Back outside, Tim pulled around behind the store, near the dark loading dock. Digging through the trunk, he found the first-aid kit he’d transferred from the Beemer. He freed the empty syringe from beneath its leather strap, grabbed a needle in a sanitized paper sheath, and returned to the driver’s seat.
He removed the plunger and squeezed a stream of Visine into the empty shot barrel, then sprinkled in some Comet. Placing a vitamin-C pill on the dash, he smashed it with the butt of his gun and swept the resultant powder into the barrel as well. The liquid fizzed, giving off a slight crackling noise. Replacing the plunger, Tim cleared the air from the syringe.
He turned to Bowrick, who was watching him with growing unease, facing sideways in the passenger seat so his back was pressed up against the door.
“Give me your arm.”
“Are you fucking crazy?”
“Give me your arm.”
“No way, man. You’re fucking high.”
“Believe it or not, kid, you’re not my only concern right now. So give me your arm or get out of the car, because I have more important things to take care of.”

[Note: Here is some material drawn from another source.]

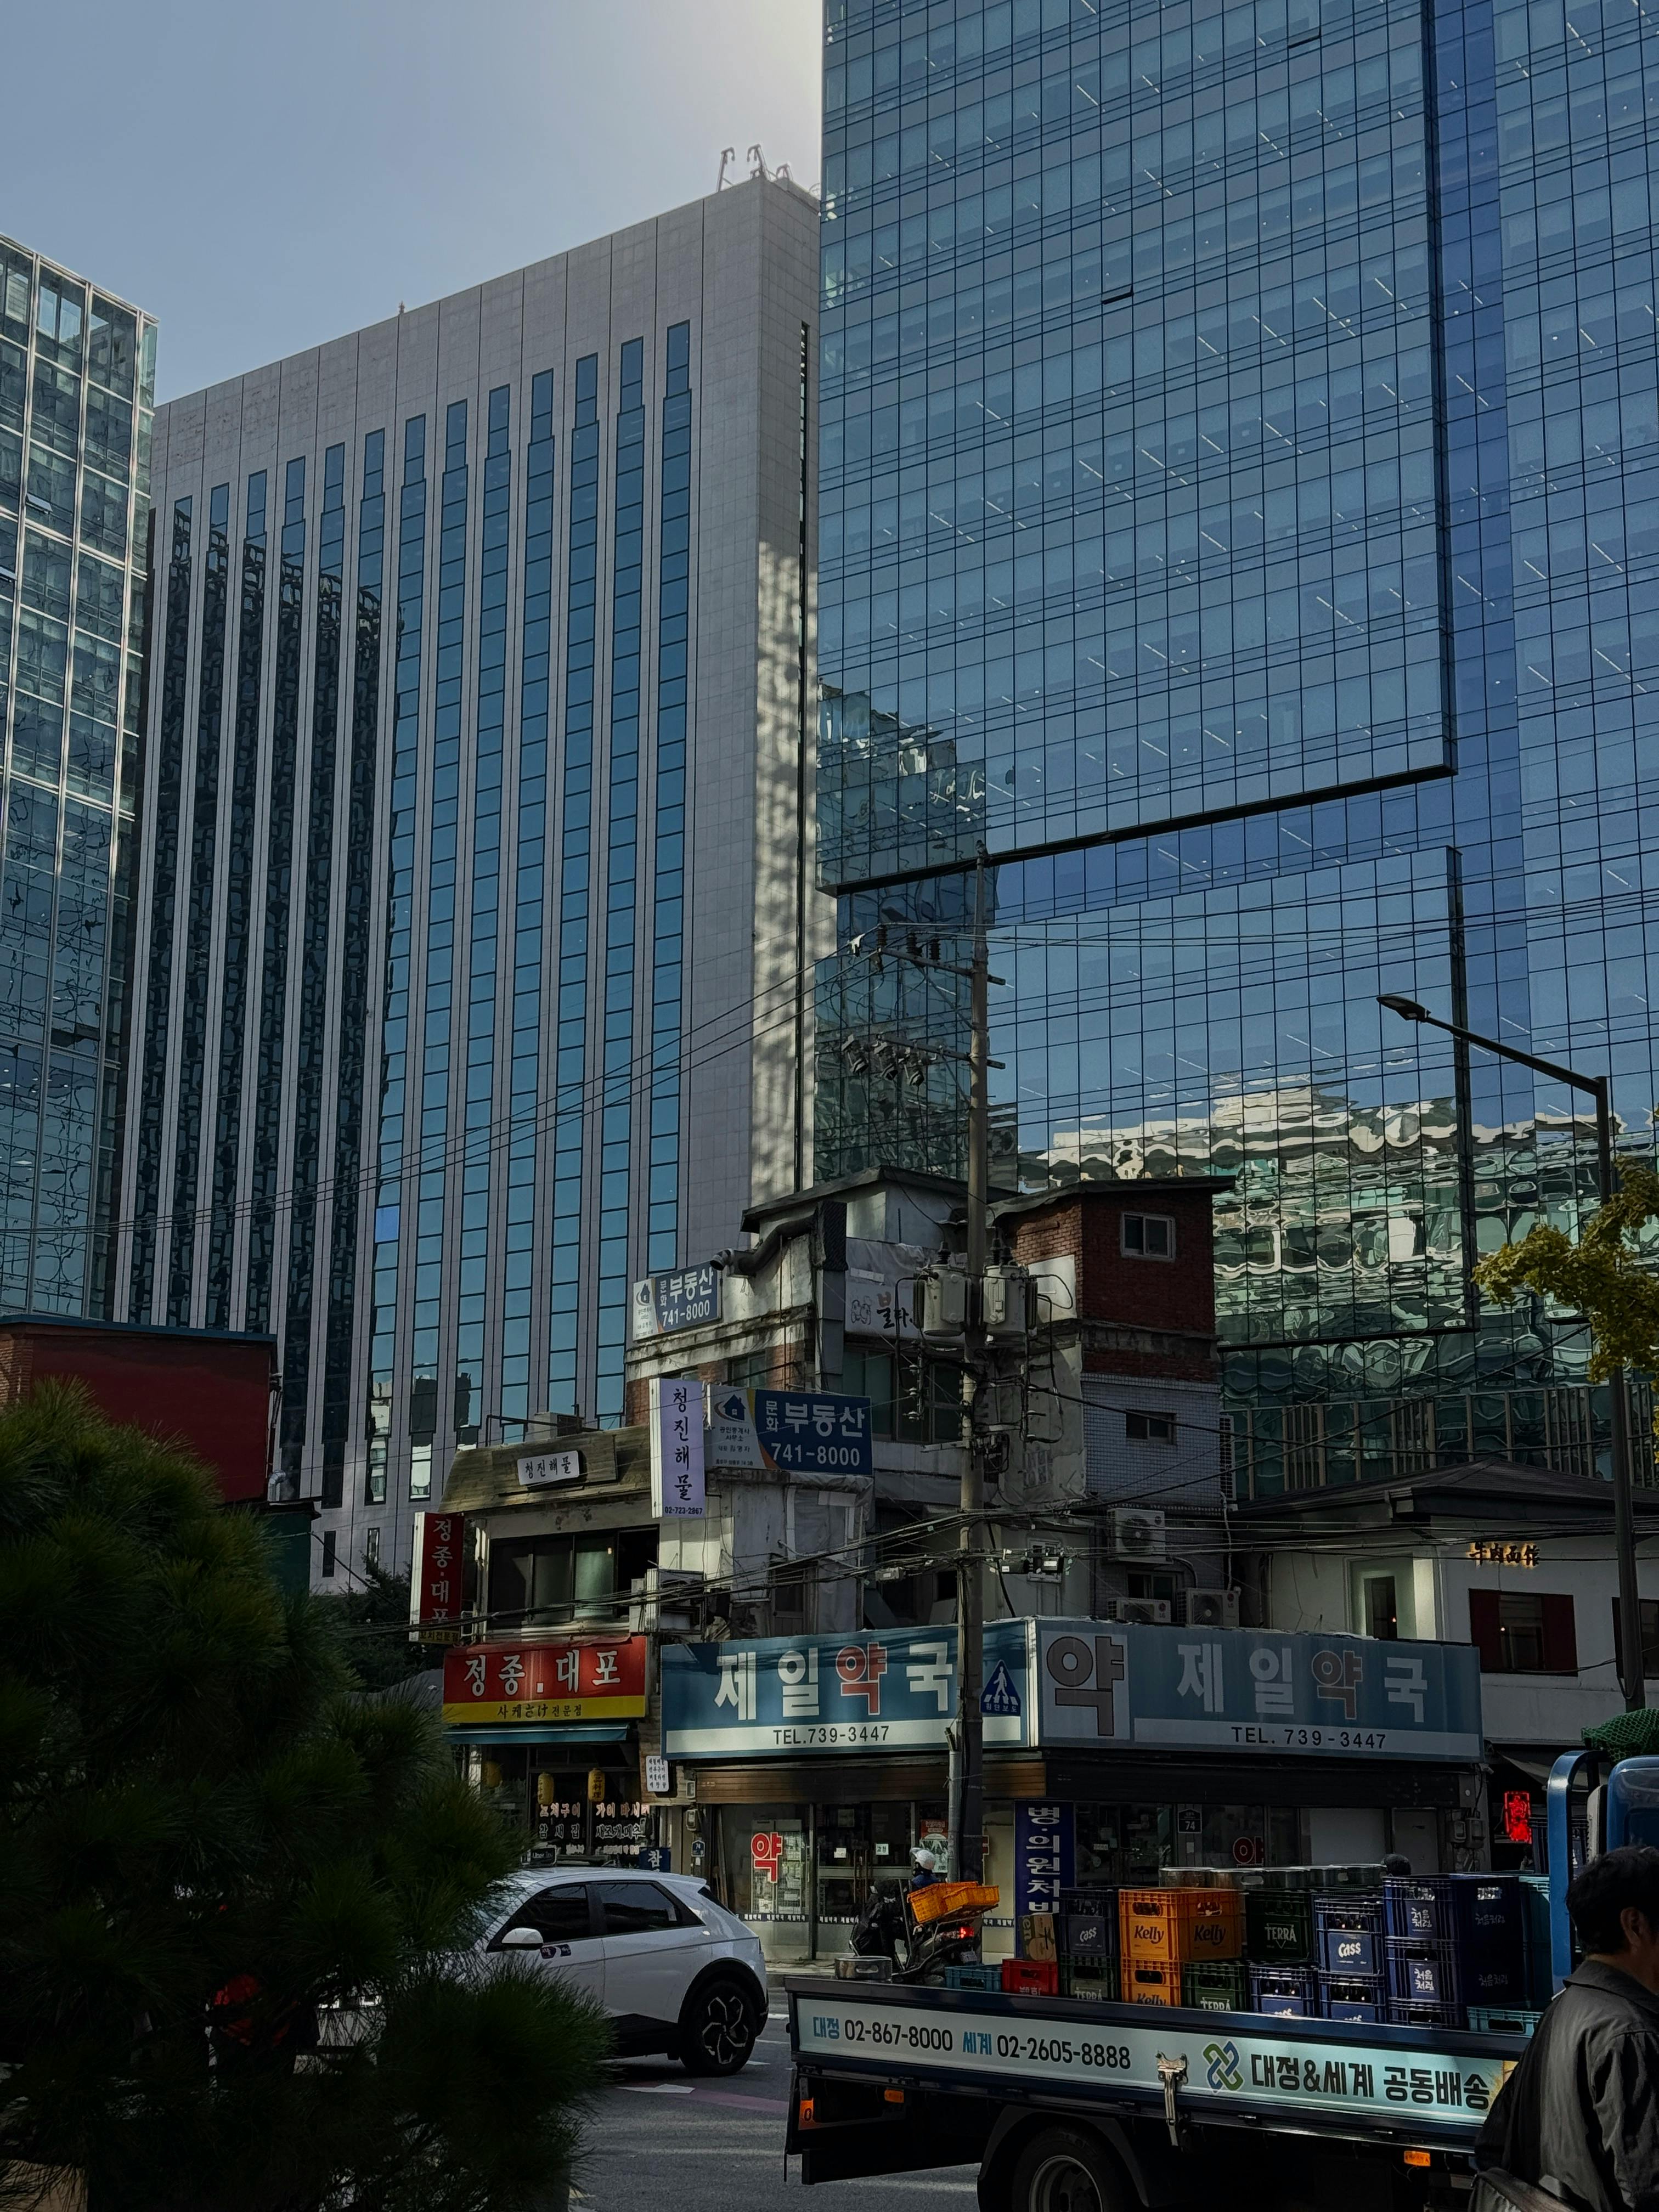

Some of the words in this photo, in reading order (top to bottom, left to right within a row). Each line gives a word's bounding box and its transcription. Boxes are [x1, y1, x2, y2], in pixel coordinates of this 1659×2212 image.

Bowrick studied him for a while, sweat glistening in the strands of hair on his upper lip. “This gonna kill me?”
“Yes. I’ve orchestrated the entire chain of events over the past three days because this is the easiest way I could think to kill you.”
Bowrick held out an arm, clenched his fist. Tim slid the needle into the pale blue throb at the base of his biceps, careful to penetrate only the epidermis. Ignoring the stink of Bowrick’s fear sweat, he eased the plunger down, and the skin at the needle’s tip immediately wilted and colored.
“Ouch,” Bowrick said.
When Tim removed the needle, tiny black-tinged bubbles welled up from the flesh puncture. He said, “It’ll scab up in a few hours, scab up good.”
He started the engine and drove away.
“What the fuck was that?”
Tim shoved one of the poppy-seed cakes at him, with a can of Mountain Dew. “Eat this.”
“What the fuck…?”
“Shut up. Eat it. Hurry.”
Bowrick started shoving the cake into his mouth, swallowing large mouthfuls with gulps of Mountain Dew.
“Now this piece. Go. Eat it.”
Crumbs clung to Bowrick’s face.
“Drink this. Get it down.” Tim pressed another can of soda into Bowrick’s side until he took it. Bowrick popped the top and forced down a few gulps. Tim opened the Sudafed box in his lap and fumbled out four thirty-milligram tablets. “And these. Take them.” He thrust the cough-syrup container at Bowrick. “Wash it down with this.”
Bowrick complied, grimacing. “Why are you doing all this shit to me?”
When he realized he wasn’t going to get an answer, he threw his hands up and smacked them against his thighs. His knee was starting to shake up and down, a nervous tic brought on by the caffeine and the pseudoephedrine. After a while he started poking at the bruise, watching it spread and darken. Tim drove fast, enjoying the silence.